A Thief is Just a Thief, A Sigh is Just a Sigh...

Rawson Watson, 37, appeared for his first day of trial this week, for a caper he very nearly pulled off over three years ago.

In January of 2000, police say, Watson was smuggled by friends onto a British Airways 767 at Heathrow, bound for Madrid. He carried masking tape, rubber gloves, a drill, green fingernail polish, and a pair of large boxes. He went into the heated and pressurized section of the cargo hold and hid himself by slitting the cloth lining; he hid between the cloth and the outer skin of the airliner, doing an acceptable job of closing the slit with the masking tape; the slit wasn't discovered.

He rode to Madrid, where cash -- nearly $2 million in Pesetas -- was loaded, and he waited for the return flight to take off. As soon as it was airborne, investigators believe, he went to work: he planned to load the money into one of the boxes, and himself into the other; but he changed the plan when he saw that the nail polish wouldn't adhere to the security tape used to seal the original money boxes.

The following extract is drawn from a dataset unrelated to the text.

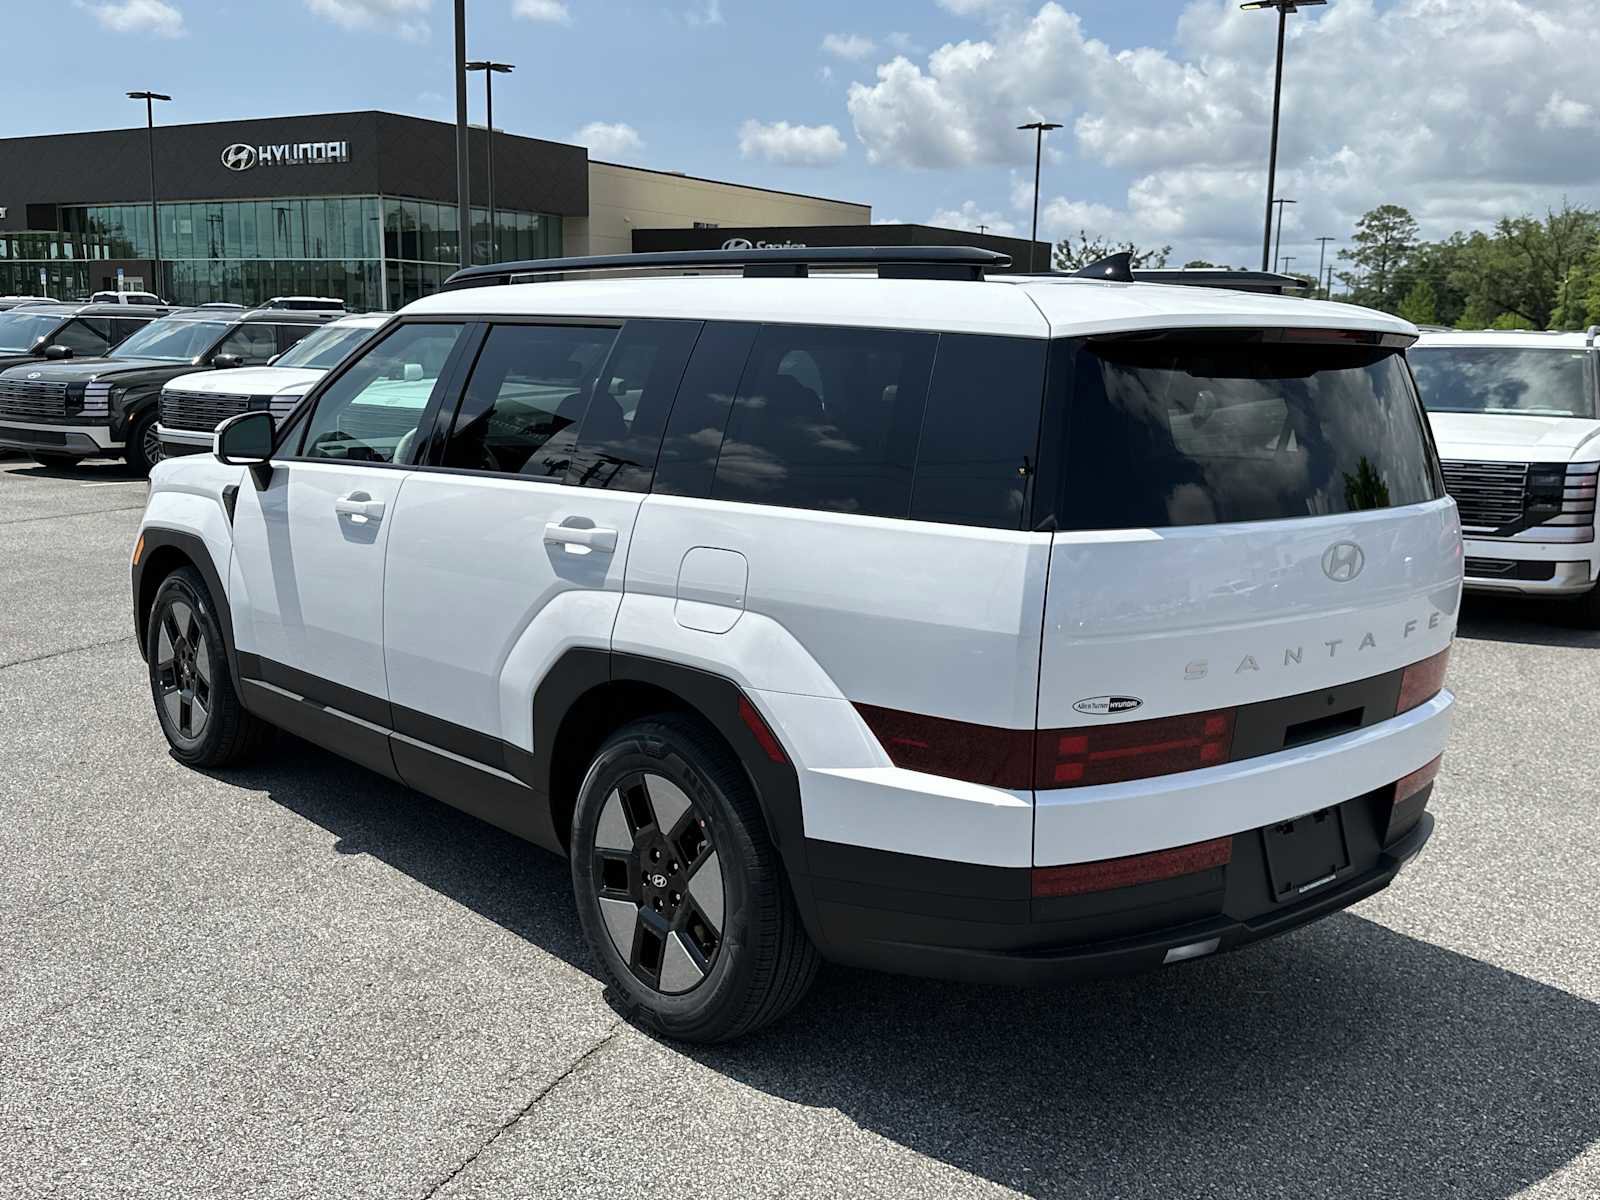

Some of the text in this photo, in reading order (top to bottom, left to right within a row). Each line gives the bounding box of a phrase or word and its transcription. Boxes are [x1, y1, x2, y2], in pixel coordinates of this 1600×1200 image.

Watson, who is fighting the charges (grand theft and damaging an aircraft in a way likely to endanger its safety in flight -- he cut fire-insulation material), then put about a quarter-million dollars' worth of the Spanish currency into one of the boxes, climbed in, and sealed himself up, according to what was said in court.

He had friends waiting at Heathrow to pick him up, still in the box; but some weak (or sloppy) baggage-handlers dropped the box, and he popped out. "Don't worry about me, I'm all right," was what the handlers said they were told, as he sauntered off. He was found and eventually arrested in October of 2002.